Supermarkets were faced with a plethora of communication challenges in the early stages of lockdown as they sought to explain the intricacies of the new shopping reality to their customers while reassuring them with a basic message that it was still safe to visit their stores.
Tesco was among the first to launch a campaign promoting its social-distancing measures. On 27 March, it unveiled its “Keeping You Safe” ad to highlight the steps it had taken to protect customers and staff at important points in the shopping process. Featuring real employees, the ad detailed how parking attendants would be marshalling customers as they arrived at stores, and showed that signs displaying social distancing advice and queue markers had been arranged to ensure shoppers remained two metres apart. The campaign also underlined measures such as floor markings and one-way aisles, plus protective screens erected at tills to protect cashiers.
At the same time, supermarkets responded to concerns from shoppers worried about catching the virus by expanding their online services. Tesco upped its delivery slots to 1.2 million in a six-week period, more than doubling capacity. Morrison’s, Asda, Iceland and Waitrose also significantly increased their deliveries, while Sainsbury’s online grocery sales went from 7 per cent to 17 per cent during lockdown.

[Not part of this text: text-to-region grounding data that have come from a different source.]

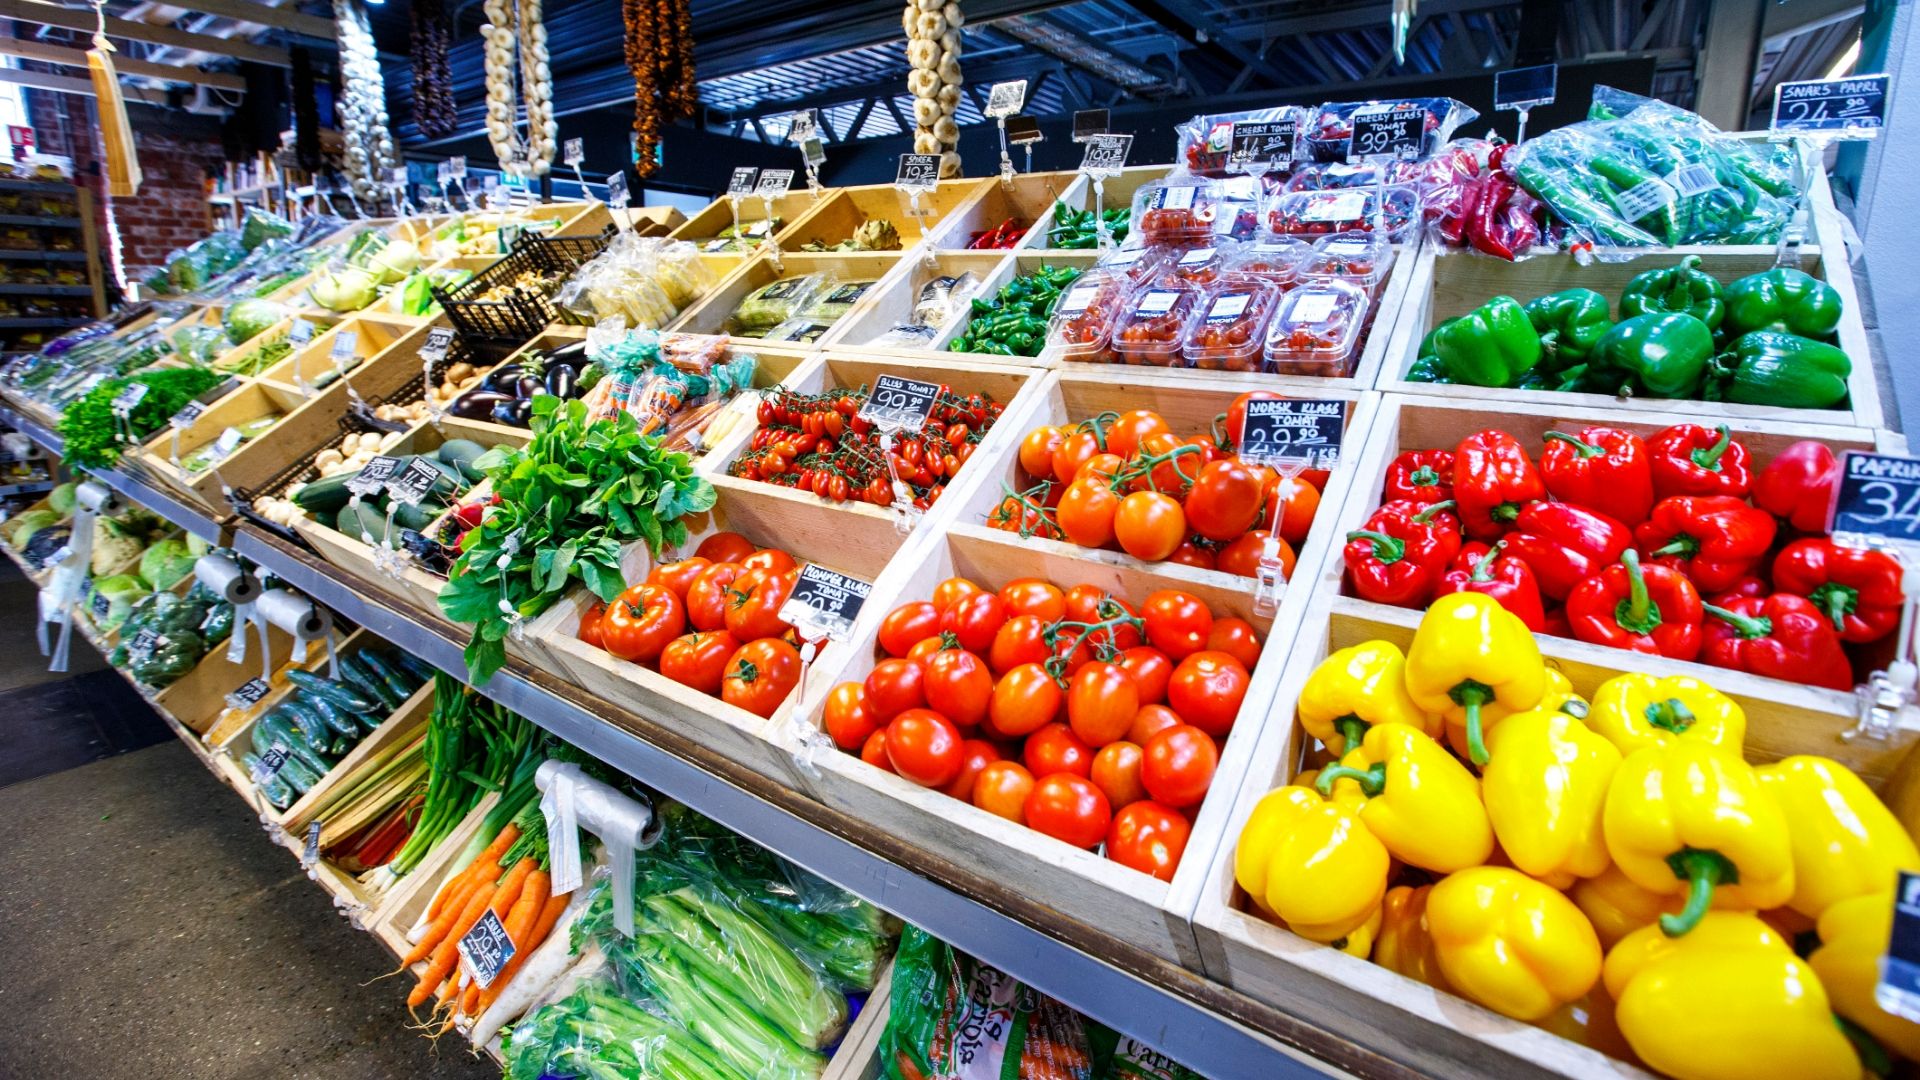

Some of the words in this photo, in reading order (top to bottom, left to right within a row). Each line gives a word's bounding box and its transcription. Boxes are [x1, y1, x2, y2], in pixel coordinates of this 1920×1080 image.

[1782, 101, 1829, 129] 24
[1845, 98, 1866, 110] 90
[1235, 125, 1267, 135] CHERRY
[1358, 131, 1389, 154] 39
[1393, 129, 1407, 140] 90
[880, 377, 903, 389] BLISS
[907, 382, 936, 396] TOMAT
[870, 390, 906, 418] 99
[909, 397, 923, 408] 90
[1249, 401, 1293, 413] NORSK
[1270, 415, 1318, 426] TOMAT
[1298, 428, 1319, 441] 90
[1847, 481, 1920, 534] 34
[816, 583, 850, 602] TOMAT

“Our business has fundamentally changed,” said the supermarket’s new chief executive, Simon Roberts. Alluding to the 25,000 new staff the chain had recruited, he continued: “A number of the decisions we have made have materially increased costs, but meant that we have done the right thing for our customers.”
All of these reputation management efforts have paid off handsomely. A recent survey carried out by IAB UK and YouGov revealed that 79 per cent of those questioned would be likely to favour brands that had acted and communicated well during the COVID-19 pandemic. Three quarters of respondents (75 per cent) said clear and frequent communication was a factor in their choice and close to two thirds (62 per cent) were swayed by the implementation of new safety measures.

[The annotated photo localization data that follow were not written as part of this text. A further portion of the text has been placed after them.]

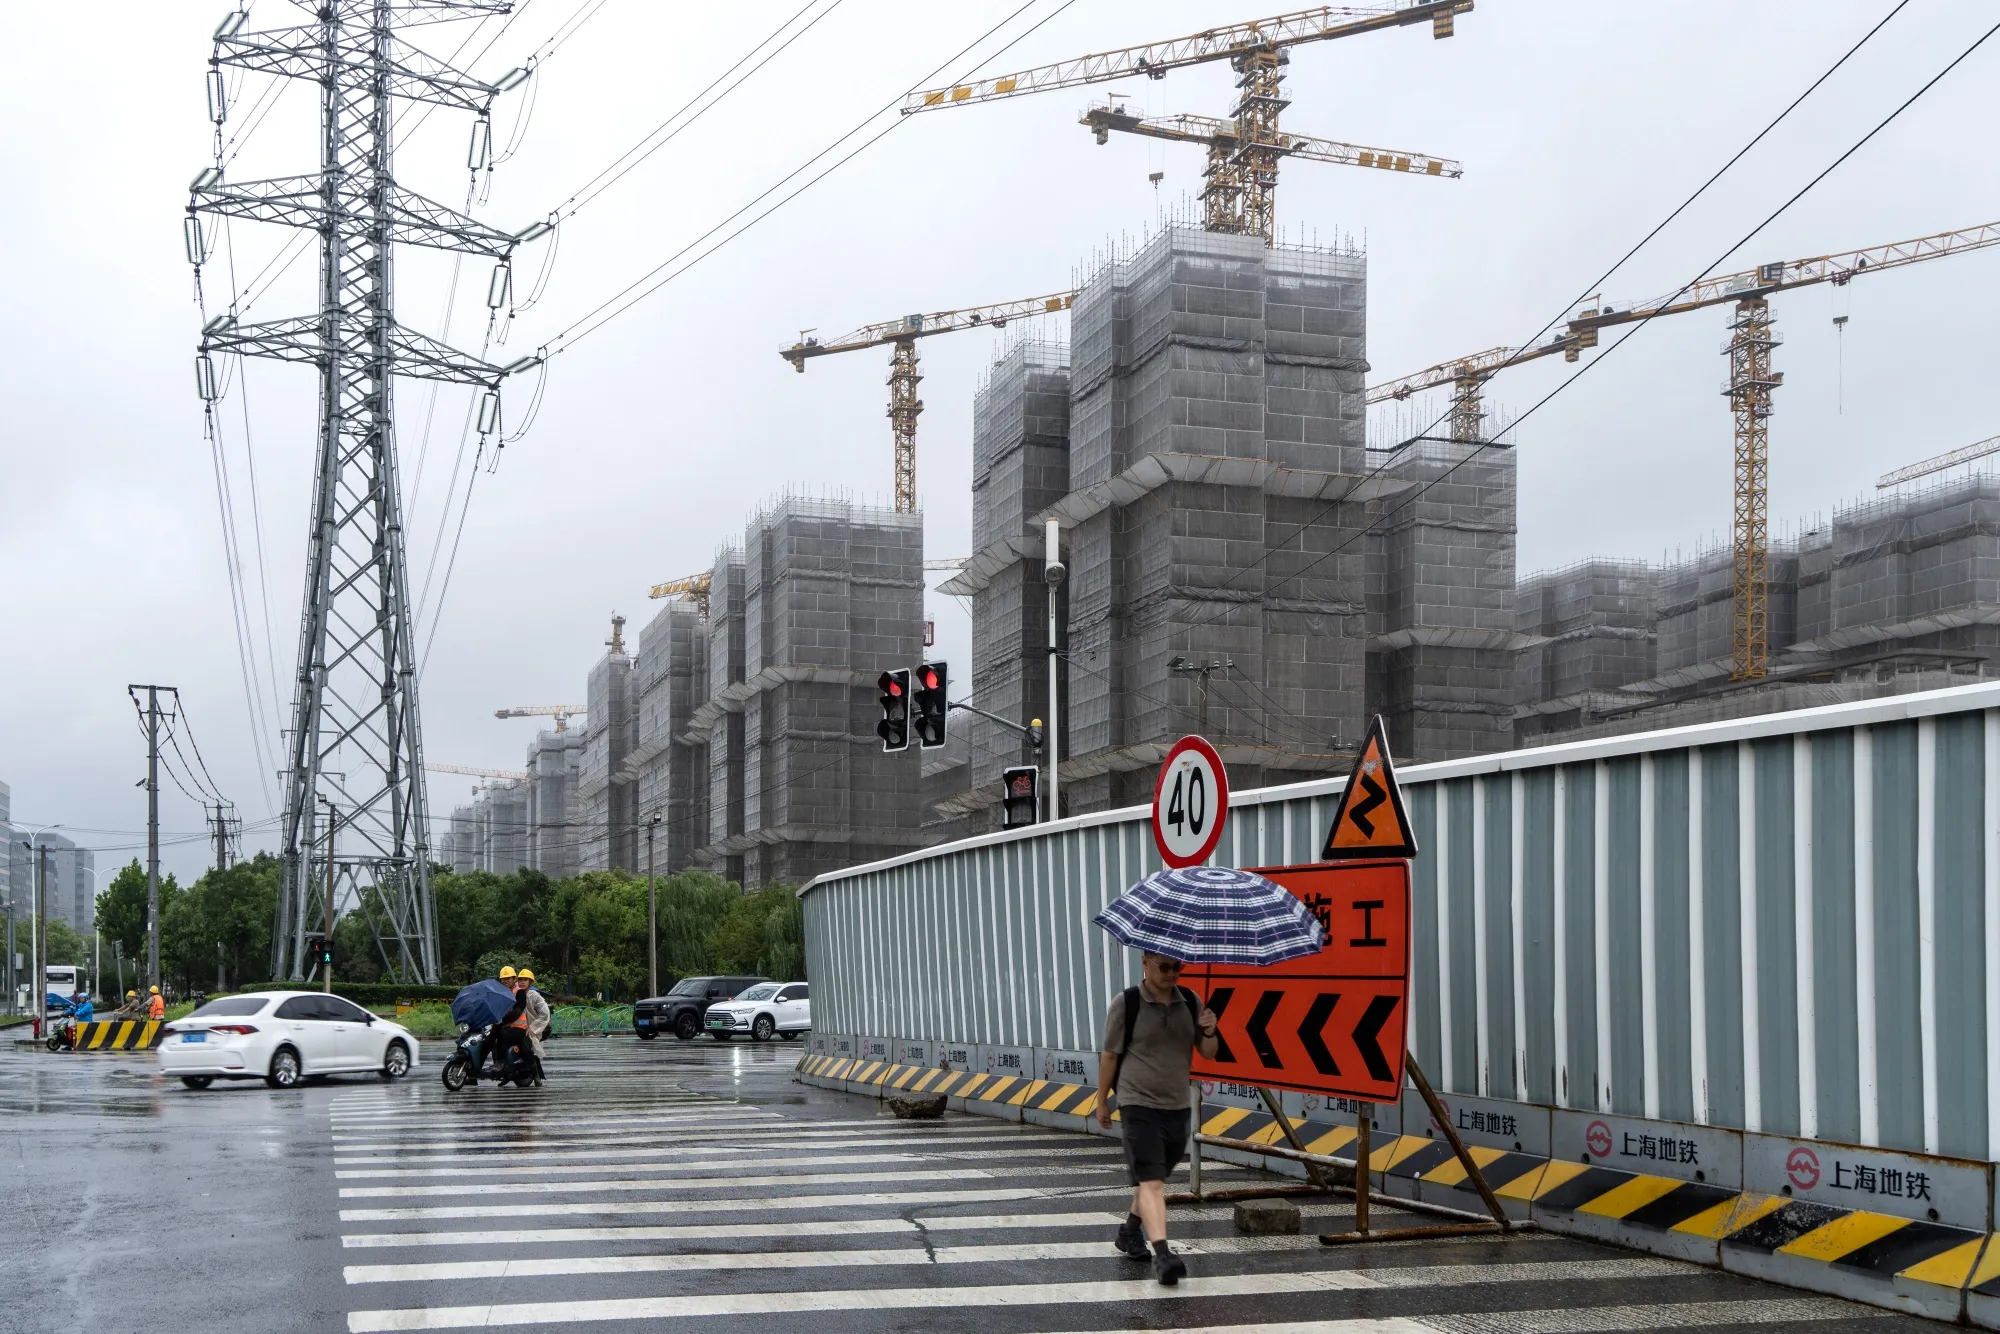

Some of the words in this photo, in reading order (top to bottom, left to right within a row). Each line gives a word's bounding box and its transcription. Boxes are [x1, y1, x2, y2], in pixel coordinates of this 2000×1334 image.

[1167, 766, 1205, 837] 40
[997, 1052, 1021, 1068] 上海地铁
[1057, 1058, 1086, 1075] 上海地铁
[1217, 1081, 1259, 1100] 上海地铁
[1324, 1095, 1358, 1115] 上海地
[1455, 1108, 1518, 1137] 上海地铁
[1619, 1131, 1699, 1165] 上海地铁
[1829, 1160, 1932, 1202] 上海地铁

The research also listed the brands that consumers felt most impressed by during lockdown. Supermarkets dominated the top 10, with Amazon and Boots the only non-supermarket brands to feature.
Like supermarkets, garden centres were quick to respond to the introduction of the government’s lockdown measures. In early April, the BBC reported that the outlets were providing personalised online shopping services to combat huge potential wastage (millions of plants, shrubs and trees) brought about by social-distancing measures.
Traders took advantage of the digital technology at their disposal to live-stream videos of their premises and give customers advice on orders via FaceTime and email. Chessington Garden Centre promoted its products through Facebook Live and offered a delivery service to fulfil orders received through its website.
As staff broadcast a walking tour through the centre and its goods, they replied to questions left by customers in the comments. The video began by assuring viewers that the centre was doing all it could to stick to government guidelines and make sure people stayed at home, but went on to insist that “what we do want to do is encourage you out into your gardens or outdoor space.”
Lessons from lockdown
Business strategy and communications strategy should be inextricably linked. The winners highlighted above have managed to either find a new role for the business that stayed true to its brand identity or reorganised their operations to respond to huge changes in customer demand, while restricted by measures introduced to fight COVID-19.
But if lockdown has taught us anything, it’s that the companies who have been most successful during this period are the ones who have quickly adapted to a sea change in the business environment and then taken their stakeholders with them on that journey.